→ Your instructions
Nothing but the lines from the one containing "this 1920×1440 image." to the end of the records below should be output, each exactly as written.

→ Provided entries
====================

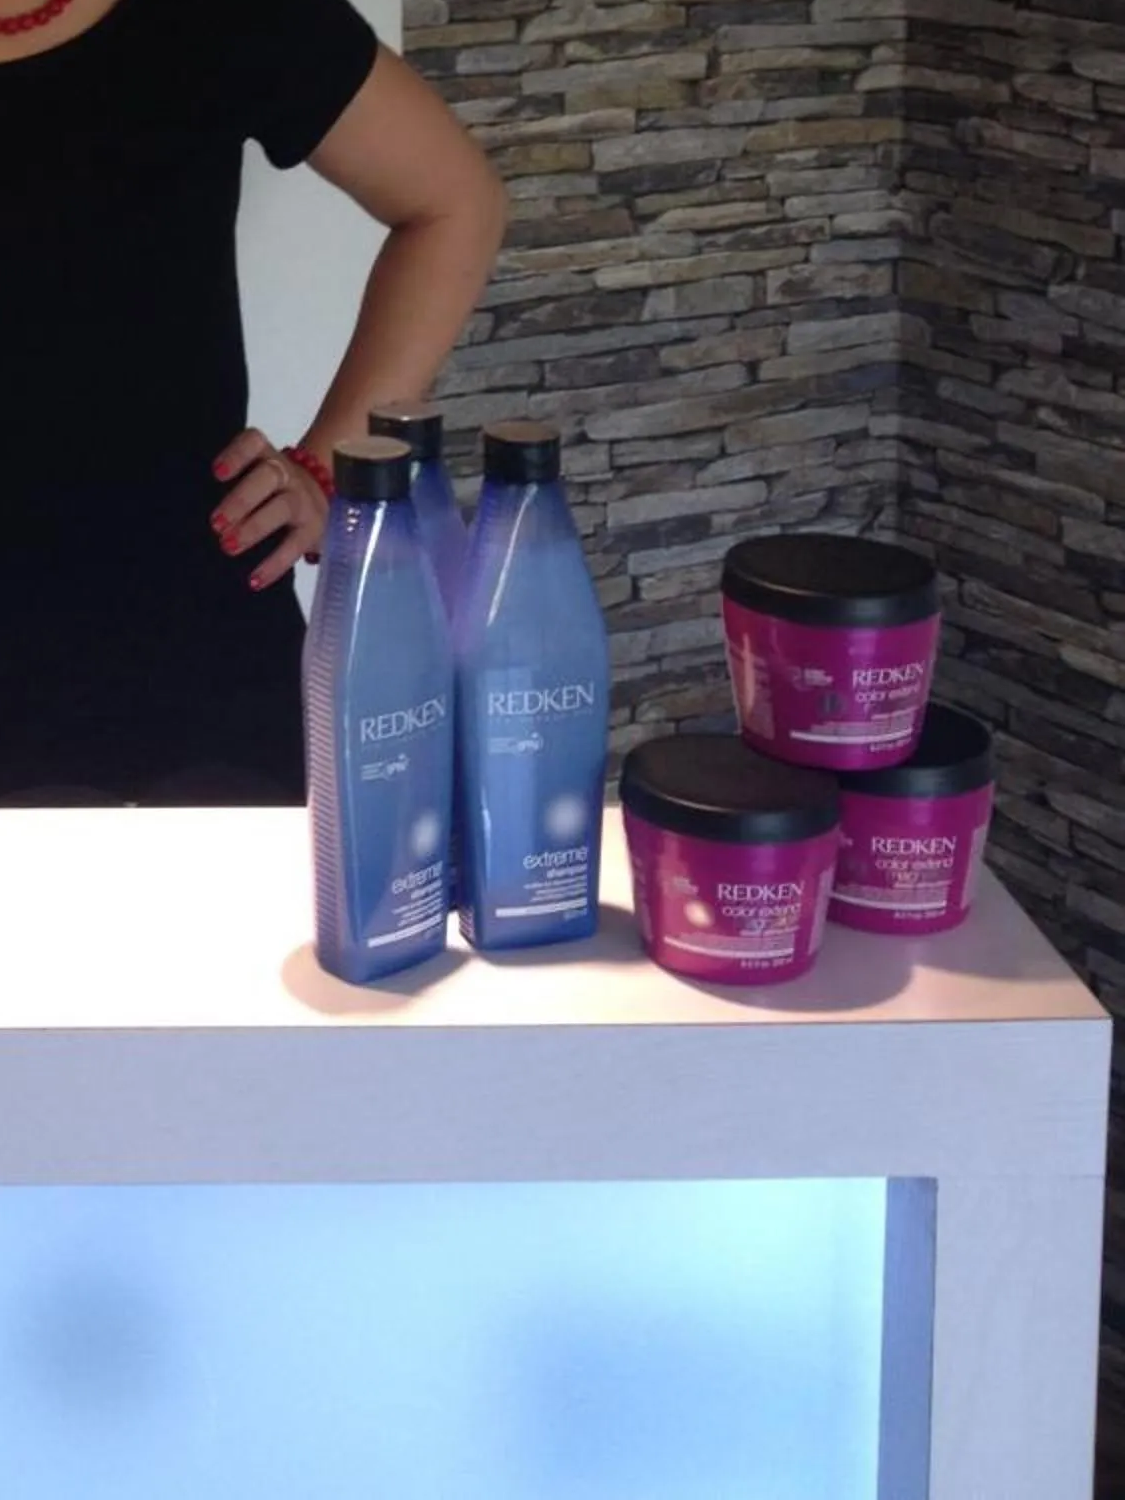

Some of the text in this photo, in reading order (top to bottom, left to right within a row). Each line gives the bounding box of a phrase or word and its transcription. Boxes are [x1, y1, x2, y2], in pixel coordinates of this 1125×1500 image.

[852, 660, 925, 689] REDKEN
[488, 682, 594, 716] REDKEN
[360, 694, 446, 744] REDKEN
[523, 846, 588, 870] extreme
[870, 835, 957, 855] REDKEN
[391, 860, 444, 895] extreme
[716, 880, 805, 902] REDKEN
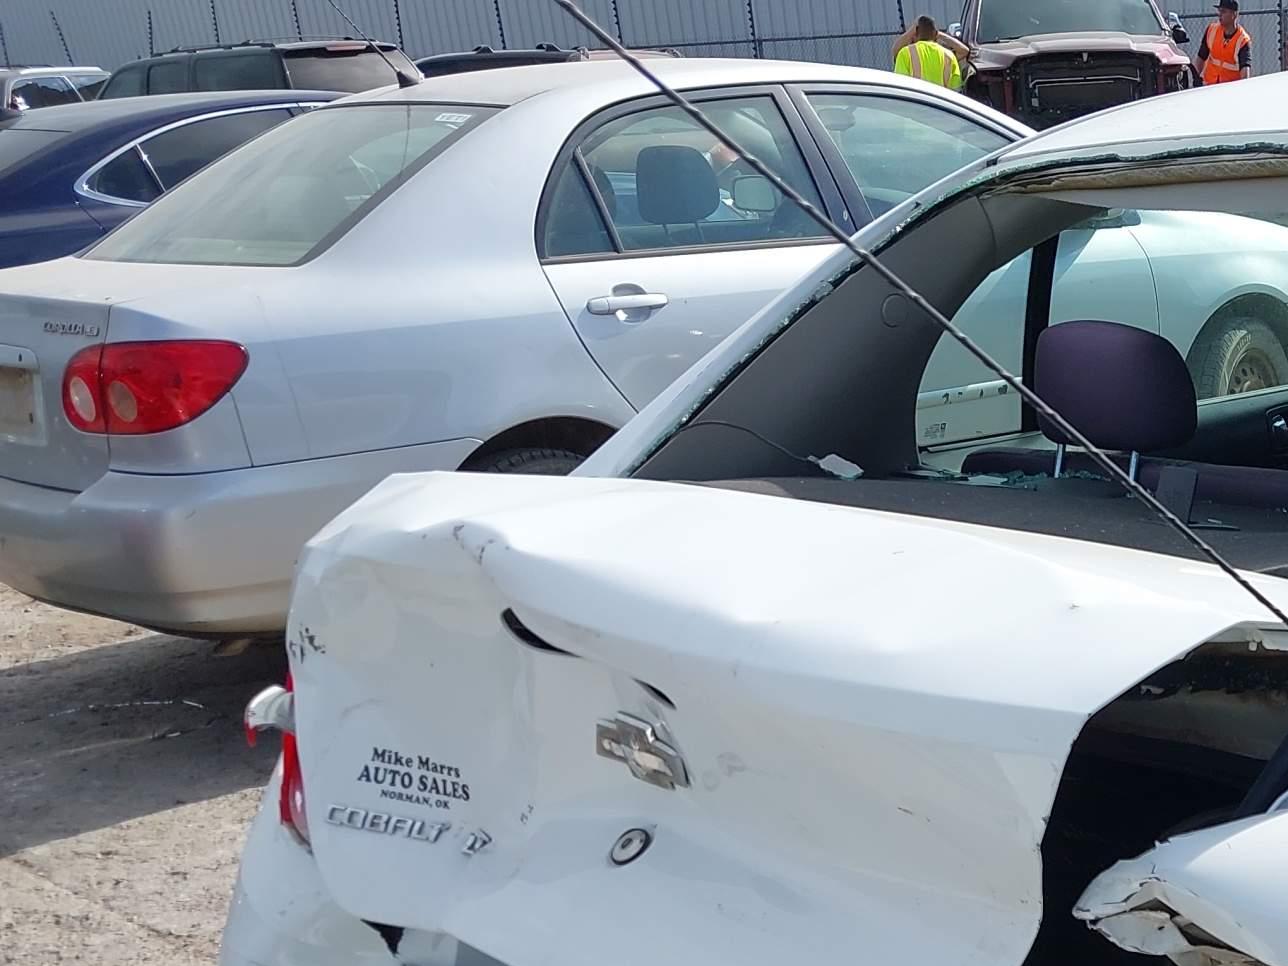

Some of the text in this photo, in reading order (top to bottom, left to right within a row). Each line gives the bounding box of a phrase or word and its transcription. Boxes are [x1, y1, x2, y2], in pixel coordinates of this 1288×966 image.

[371, 747, 460, 779] Mike Marrs
[357, 765, 471, 802] AUTO SALES
[380, 789, 451, 811] NORMAN, OK
[326, 803, 451, 844] COBALT
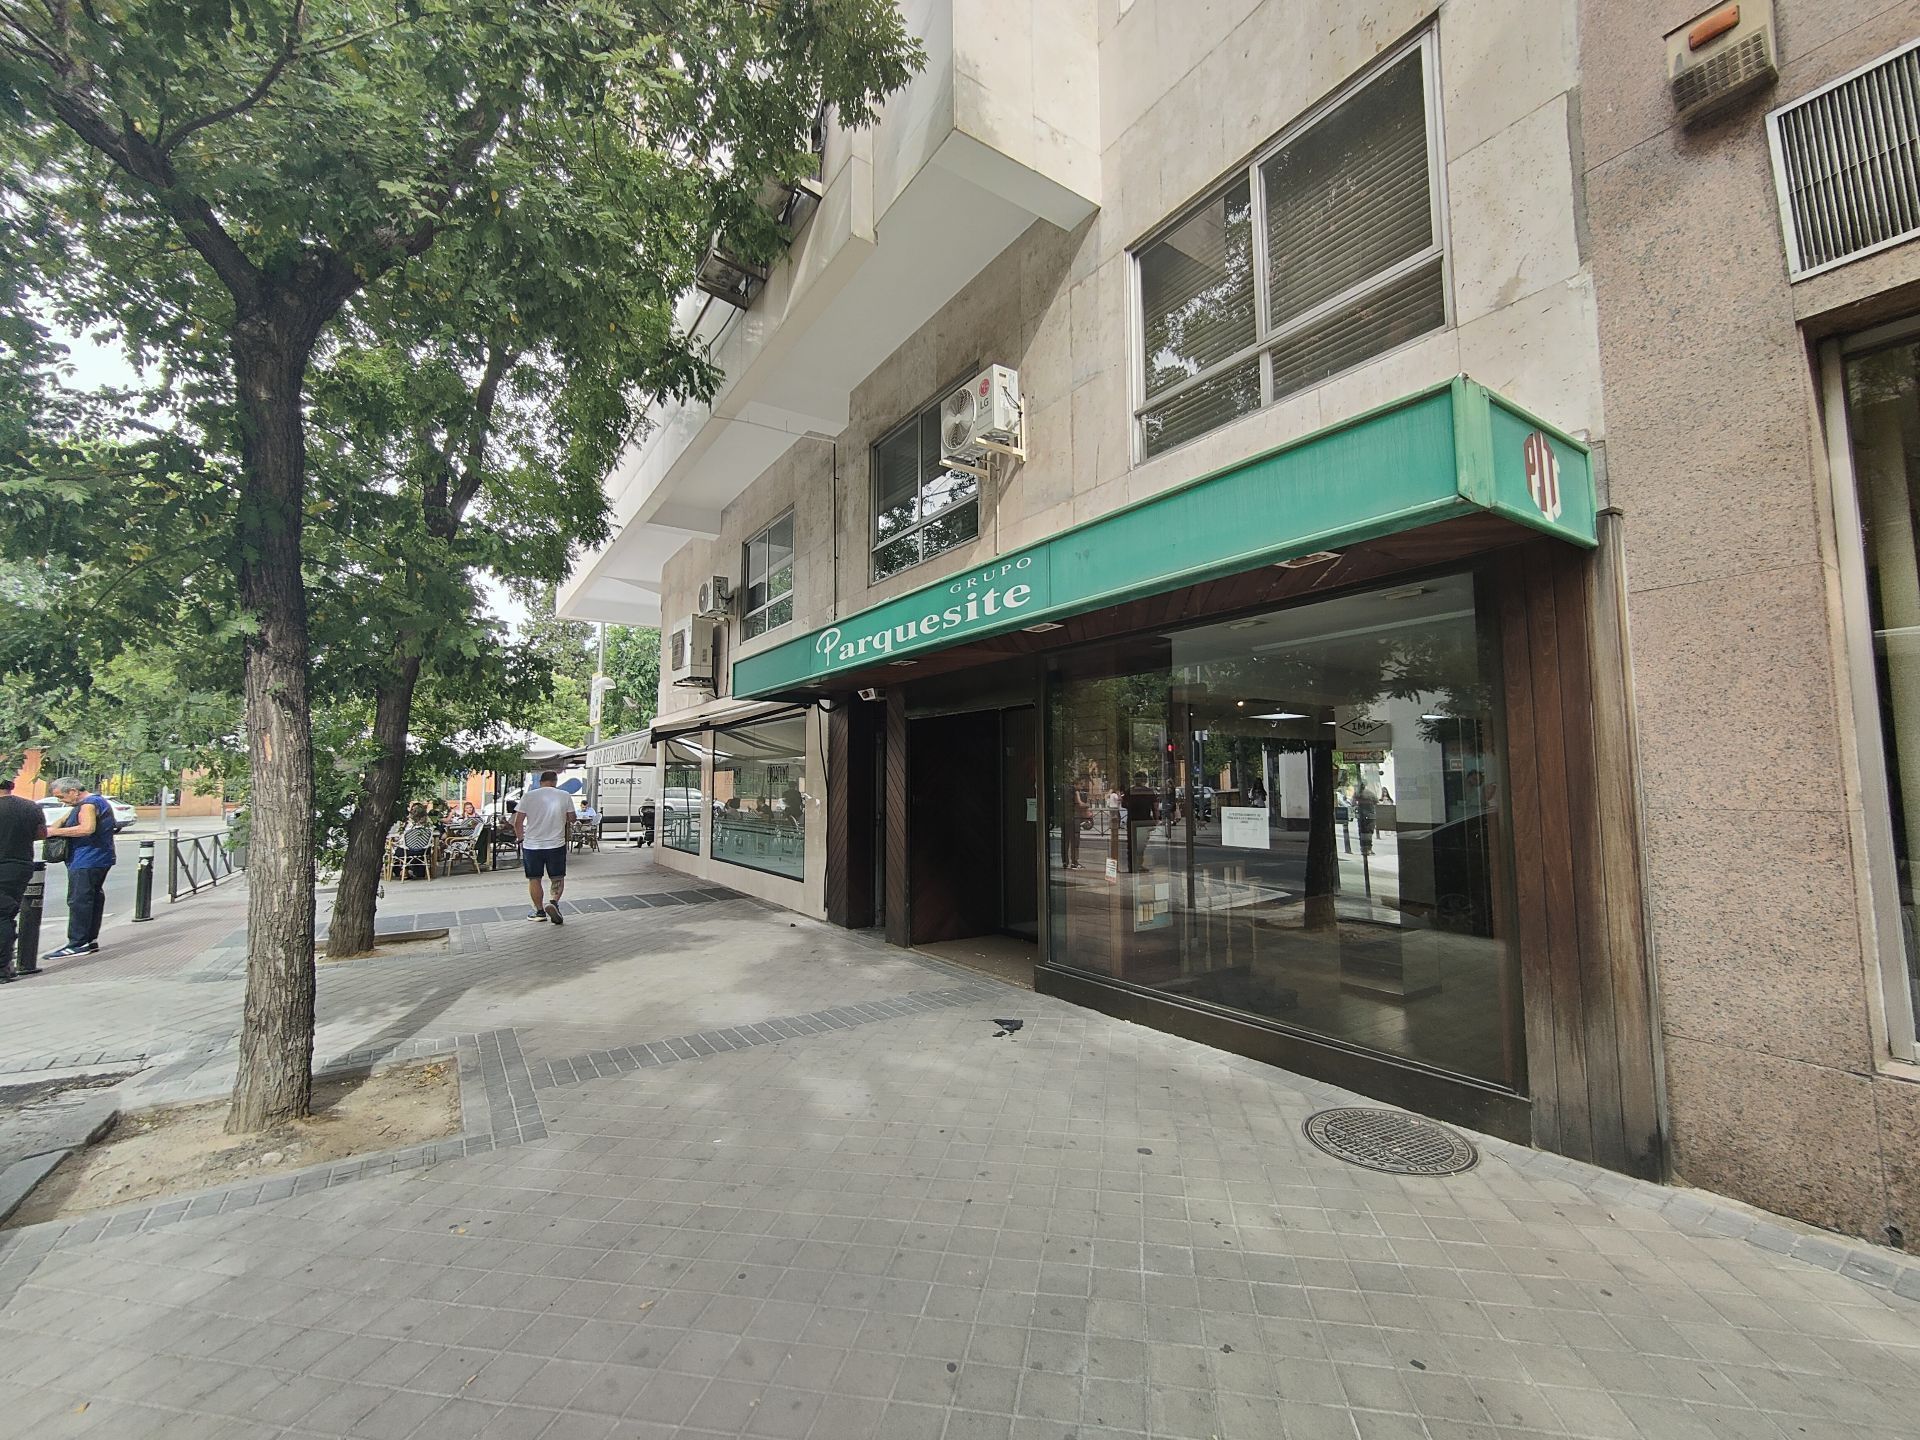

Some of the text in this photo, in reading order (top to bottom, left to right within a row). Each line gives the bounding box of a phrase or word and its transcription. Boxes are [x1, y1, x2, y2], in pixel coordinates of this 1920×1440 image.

[980, 398, 989, 409] LG
[949, 556, 1032, 594] GRUPO
[815, 584, 1031, 666] Parquesite
[1352, 722, 1373, 730] IMA
[603, 777, 642, 785] COFARES

====================

→ Written solution
Some of the text in this photo, in reading order (top to bottom, left to right within a row). Each line gives the bounding box of a phrase or word and its transcription. Boxes are [x1, y1, x2, y2], in pixel coordinates of this 1920×1440 image.

[980, 398, 989, 409] LG
[949, 556, 1032, 594] GRUPO
[815, 584, 1031, 666] Parquesite
[1352, 722, 1373, 730] IMA
[603, 777, 642, 785] COFARES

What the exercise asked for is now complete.